**Task statement**
The expected output is the exact lines from the one containing "this 1620×1620 image." through the end of the data, inclusive, and nothing else.

▬▬▬▬▬▬

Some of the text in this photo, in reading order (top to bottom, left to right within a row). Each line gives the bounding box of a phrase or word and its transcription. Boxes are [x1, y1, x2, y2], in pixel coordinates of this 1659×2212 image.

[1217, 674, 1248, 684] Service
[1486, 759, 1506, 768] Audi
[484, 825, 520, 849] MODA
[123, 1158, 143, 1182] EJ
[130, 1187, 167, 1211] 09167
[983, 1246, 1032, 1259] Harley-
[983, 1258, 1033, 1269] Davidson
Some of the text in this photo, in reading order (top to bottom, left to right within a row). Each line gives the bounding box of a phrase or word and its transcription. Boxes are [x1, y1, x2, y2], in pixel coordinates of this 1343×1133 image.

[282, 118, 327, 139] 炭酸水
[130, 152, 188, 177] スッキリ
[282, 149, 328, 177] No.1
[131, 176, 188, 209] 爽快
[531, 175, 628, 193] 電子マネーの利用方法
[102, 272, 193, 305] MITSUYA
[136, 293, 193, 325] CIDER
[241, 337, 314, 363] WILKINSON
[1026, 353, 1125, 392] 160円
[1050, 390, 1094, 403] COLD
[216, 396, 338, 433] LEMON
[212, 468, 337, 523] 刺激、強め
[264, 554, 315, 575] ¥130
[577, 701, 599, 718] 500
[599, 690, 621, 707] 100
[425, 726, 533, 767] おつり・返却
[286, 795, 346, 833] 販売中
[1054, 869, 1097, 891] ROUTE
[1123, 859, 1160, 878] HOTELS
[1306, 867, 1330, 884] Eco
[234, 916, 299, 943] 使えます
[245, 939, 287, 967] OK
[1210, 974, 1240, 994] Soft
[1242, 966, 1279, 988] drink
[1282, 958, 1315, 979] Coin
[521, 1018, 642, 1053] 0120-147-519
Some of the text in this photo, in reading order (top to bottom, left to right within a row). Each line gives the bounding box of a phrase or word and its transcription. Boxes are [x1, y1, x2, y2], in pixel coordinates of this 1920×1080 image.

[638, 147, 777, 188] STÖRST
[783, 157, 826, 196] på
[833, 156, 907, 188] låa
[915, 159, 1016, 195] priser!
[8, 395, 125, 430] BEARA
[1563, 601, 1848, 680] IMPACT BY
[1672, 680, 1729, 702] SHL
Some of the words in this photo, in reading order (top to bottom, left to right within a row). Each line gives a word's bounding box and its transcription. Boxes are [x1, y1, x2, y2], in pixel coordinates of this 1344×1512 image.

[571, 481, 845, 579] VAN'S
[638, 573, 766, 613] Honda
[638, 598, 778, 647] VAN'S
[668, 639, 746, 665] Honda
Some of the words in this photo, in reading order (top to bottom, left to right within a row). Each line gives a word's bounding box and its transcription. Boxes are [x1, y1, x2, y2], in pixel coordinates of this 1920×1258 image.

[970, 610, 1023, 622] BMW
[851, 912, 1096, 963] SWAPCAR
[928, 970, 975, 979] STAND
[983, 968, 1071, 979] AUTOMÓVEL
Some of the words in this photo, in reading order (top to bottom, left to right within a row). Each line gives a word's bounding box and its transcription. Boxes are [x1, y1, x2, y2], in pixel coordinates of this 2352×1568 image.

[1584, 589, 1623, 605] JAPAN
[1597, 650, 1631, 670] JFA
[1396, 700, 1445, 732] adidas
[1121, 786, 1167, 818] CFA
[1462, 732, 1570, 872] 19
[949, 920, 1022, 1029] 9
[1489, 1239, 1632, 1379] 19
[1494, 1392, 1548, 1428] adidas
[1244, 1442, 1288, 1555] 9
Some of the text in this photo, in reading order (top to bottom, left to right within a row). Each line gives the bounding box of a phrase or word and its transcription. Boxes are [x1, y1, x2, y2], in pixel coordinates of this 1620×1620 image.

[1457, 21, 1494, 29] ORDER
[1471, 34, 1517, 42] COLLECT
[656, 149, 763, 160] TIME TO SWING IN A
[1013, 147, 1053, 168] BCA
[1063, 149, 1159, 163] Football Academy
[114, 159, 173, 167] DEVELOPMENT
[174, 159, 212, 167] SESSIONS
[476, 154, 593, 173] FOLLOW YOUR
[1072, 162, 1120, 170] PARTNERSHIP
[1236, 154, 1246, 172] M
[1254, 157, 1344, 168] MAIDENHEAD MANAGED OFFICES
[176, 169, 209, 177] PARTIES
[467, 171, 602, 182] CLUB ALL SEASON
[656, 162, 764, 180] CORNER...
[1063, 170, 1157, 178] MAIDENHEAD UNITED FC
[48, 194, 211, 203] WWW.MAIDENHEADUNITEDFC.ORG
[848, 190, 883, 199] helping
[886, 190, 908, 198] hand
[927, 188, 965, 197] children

▬▬▬▬▬▬

**Response**
Some of the text in this photo, in reading order (top to bottom, left to right within a row). Each line gives the bounding box of a phrase or word and its transcription. Boxes are [x1, y1, x2, y2], in pixel coordinates of this 1620×1620 image.

[1457, 21, 1494, 29] ORDER
[1471, 34, 1517, 42] COLLECT
[656, 149, 763, 160] TIME TO SWING IN A
[1013, 147, 1053, 168] BCA
[1063, 149, 1159, 163] Football Academy
[114, 159, 173, 167] DEVELOPMENT
[174, 159, 212, 167] SESSIONS
[476, 154, 593, 173] FOLLOW YOUR
[1072, 162, 1120, 170] PARTNERSHIP
[1236, 154, 1246, 172] M
[1254, 157, 1344, 168] MAIDENHEAD MANAGED OFFICES
[176, 169, 209, 177] PARTIES
[467, 171, 602, 182] CLUB ALL SEASON
[656, 162, 764, 180] CORNER...
[1063, 170, 1157, 178] MAIDENHEAD UNITED FC
[48, 194, 211, 203] WWW.MAIDENHEADUNITEDFC.ORG
[848, 190, 883, 199] helping
[886, 190, 908, 198] hand
[927, 188, 965, 197] children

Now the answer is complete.